— Preciso de livros específicos, mãe...
— Então, você não vai mesmo passar o Ano-novo em casa?
— Acho que não, mãe, não. — Ouço um suspiro tão triste que imagino que, se me virar, vou vê-la morta no chão do quarto. Agora, irritado, eu digo: — De qualquer maneira, você vai ficar enchendo a cara com o tio Des e a gente nem vai se ver...
— Eu sei, mas é a primeira vez que você não vai estar aqui, só isso. E eu não gosto de andar pela casa sozinha...
— Bem, um dia isso ia acontecer, mãe. — Mas nós dois estamos pensando a mesma coisa. Não deveria ter acontecido, não desse jeito, ainda não. Faz-se um silêncio, e eu digo: — Agora vou me vestir, mãe, se você não se importa...
Ela dá um suspiro e se levanta da cama.
— Não é nada que eu não tenha visto antes.
Aconteceu recentemente.
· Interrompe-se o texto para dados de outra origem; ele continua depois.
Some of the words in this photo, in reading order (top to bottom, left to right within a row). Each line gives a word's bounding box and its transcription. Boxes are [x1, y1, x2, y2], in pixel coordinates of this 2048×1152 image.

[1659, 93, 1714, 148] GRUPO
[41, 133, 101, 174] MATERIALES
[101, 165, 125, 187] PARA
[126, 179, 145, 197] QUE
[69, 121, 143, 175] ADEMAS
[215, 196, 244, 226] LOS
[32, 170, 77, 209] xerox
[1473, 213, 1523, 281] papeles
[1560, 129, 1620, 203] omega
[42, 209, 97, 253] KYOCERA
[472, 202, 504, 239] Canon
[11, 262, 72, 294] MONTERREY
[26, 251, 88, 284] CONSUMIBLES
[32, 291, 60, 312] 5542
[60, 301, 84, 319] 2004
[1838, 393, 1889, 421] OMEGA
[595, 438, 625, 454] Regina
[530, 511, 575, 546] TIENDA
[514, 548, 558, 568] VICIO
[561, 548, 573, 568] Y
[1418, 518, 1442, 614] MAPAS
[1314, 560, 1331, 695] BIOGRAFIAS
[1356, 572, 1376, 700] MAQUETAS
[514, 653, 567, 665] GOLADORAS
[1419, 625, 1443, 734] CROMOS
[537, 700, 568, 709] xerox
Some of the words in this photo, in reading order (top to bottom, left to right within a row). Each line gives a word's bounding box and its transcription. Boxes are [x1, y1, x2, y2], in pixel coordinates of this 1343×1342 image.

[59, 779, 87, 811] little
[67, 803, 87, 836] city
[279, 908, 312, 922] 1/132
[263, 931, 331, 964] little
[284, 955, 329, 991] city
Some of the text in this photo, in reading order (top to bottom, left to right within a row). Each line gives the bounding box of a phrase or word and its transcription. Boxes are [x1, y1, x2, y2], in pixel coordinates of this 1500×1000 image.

Ano-novo de 1984 para 1985, quando cheguei em casa tão bêbado que vomitei na cama. Ainda bem que tenho apenas uma vaga lembrança da minha mãe me ajudando a tomar banho ao amanhecer e lavando Pernod, cerveja e frango com fritas mal-digeridos com a mangueirinha do chuveiro. Faz só 12 meses que isso aconteceu. Ela nunca mencionou esse fato, e gosto de acreditar que talvez não tenha acontecido, mas tenho certeza de que aconteceu.
Às vezes, acho que faltam mais psiquiatras no mundo...
Minha mãe está um pouco mais animada no nosso beijo de despedida nos degraus da frente de casa, mas continua querendo que eu leve mais comida. Rejeito um saco de pão de forma Mighty White, 1 litro de Dry Blackthorn, uma torta, um pote de 250 ml de creme de leite, um saco de 2 quilos de batata, um pacote de Jaffa Cakes, uma garrafa de Iced Magic sabor menta e outra de 2 litros de óleo de girassol. E cada não, obrigado é uma facada nas costas dela. Depois disso, saio carregando minha mala pela rua sem olhar para trás, para o caso de ela começar a chorar. No caminho para a estação de trem, saco uma nota de cinco libras do caixa e paro no mercado para comprar uma garrafa de vinho para os Harbinson. Como quero levar alguma coisa de qualidade, acabo torrando 3 libras num vinho com uma bela garrafa.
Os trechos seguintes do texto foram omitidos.